'Dear Fat People' Video : YouTuber Nicole Arbour Shut Down For Fat-Shaming
'Dear Fat People' Video : YouTuber Nicole Arbour Shut Down For Fat-Shaming

Dear Fat People: Nicole Arbour Shut Down For Fat-Shaming ‘Video’

Nicole Arbour, a Vlogger and comedian, prompted outrage with her six minute “fat-shaming” video, ‘Dear Fat People’, which criticised overweight people for claiming they are discriminated against.

In the six-minute video, intercut with jokes and quick edits, she calls out the culture around fat acceptance. “Fat-shaming is not a thing. Fat people made that up,” she said in the video. “Are you going to tell the doctor that they’re being ‘mean’ and ‘fat-shaming you’ when they say you have fucking heart disease?”

She told a story of going to the airport and encountering a “TLC-special fat” family that “smelled like sausages,” who get to skip the line and head to the gate in a golf cart because of their mobility issues. She then had to sit next to a member of that family, whom she calls “Jabba the Son.”

And she said she hopes any “fat-shaming” she does will actually motivate people to lose weight. “If we offend you so much that you lose weight, I am OK with that,” she said. “I don’t feel bad for you, because you’re taking your body for granted.”

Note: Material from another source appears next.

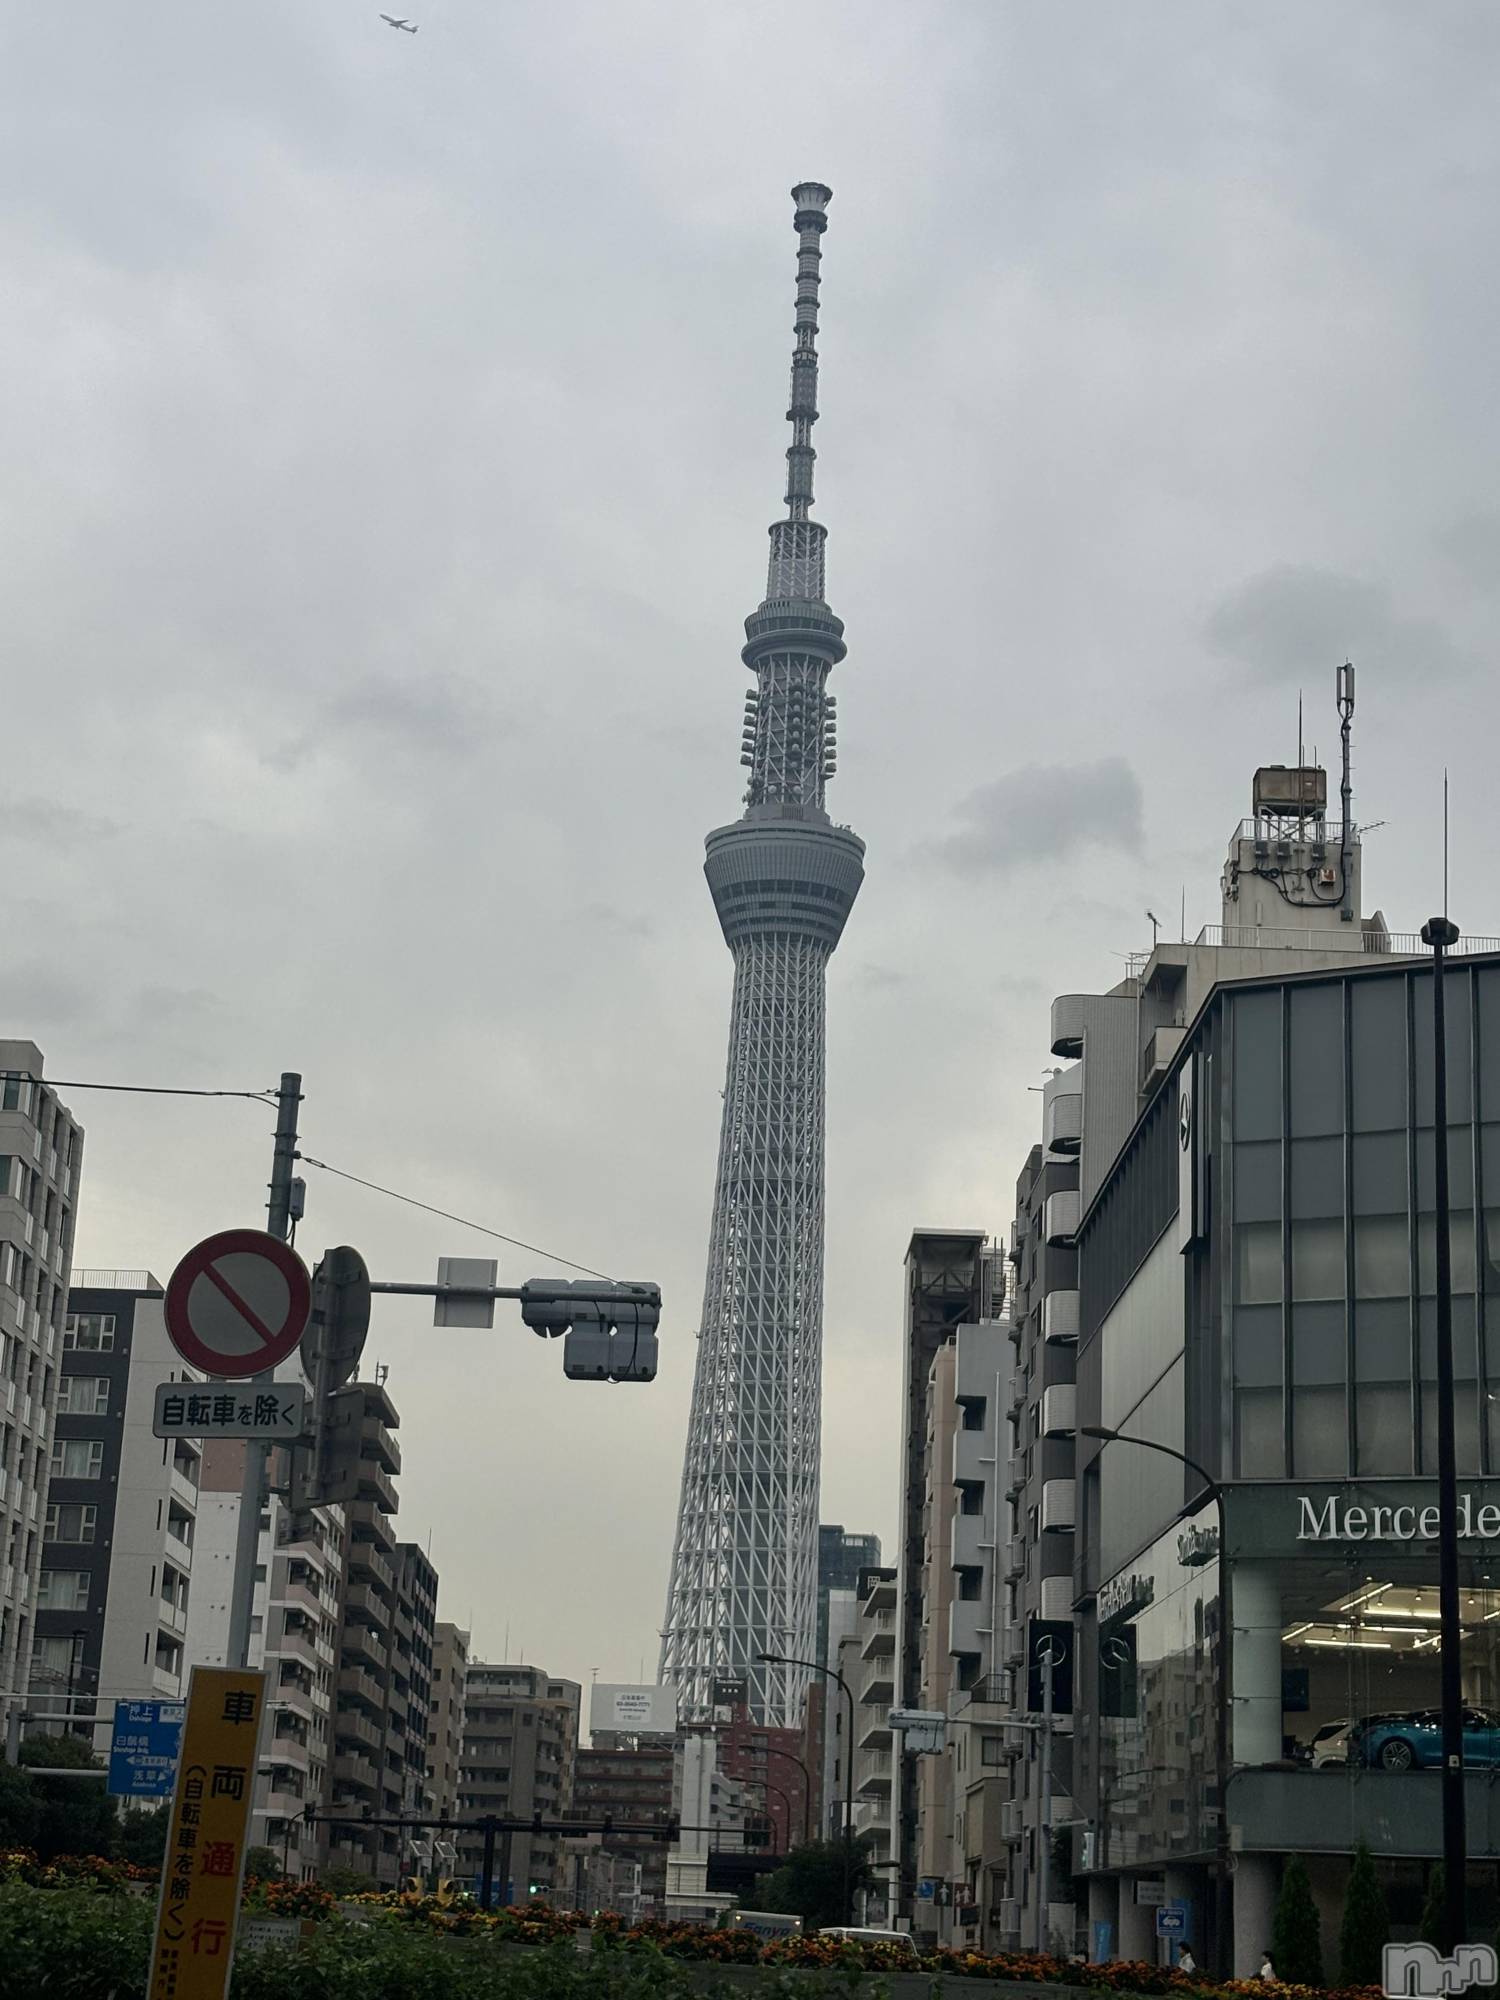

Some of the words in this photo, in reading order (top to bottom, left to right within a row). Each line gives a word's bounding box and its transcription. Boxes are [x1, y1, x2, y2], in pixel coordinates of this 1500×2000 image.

[162, 1394, 296, 1427] 自転車を除く
[190, 1690, 257, 1956] 車両通行

The video was met with almost immediate outrage, especially in the body-positive community. Whitney Thore, star of TLC’s My Big Fat Fabulous Life, posted a response video calling out Arbour for harshly judging people she doesn’t know, especially since fat-shaming usually just makes people gain more weight. “You can not tell a person’s health, physical or otherwise, just by looking at them,” she said. “Do you know that I’ve recovered from an eating disorder that I suffered from for seven years?”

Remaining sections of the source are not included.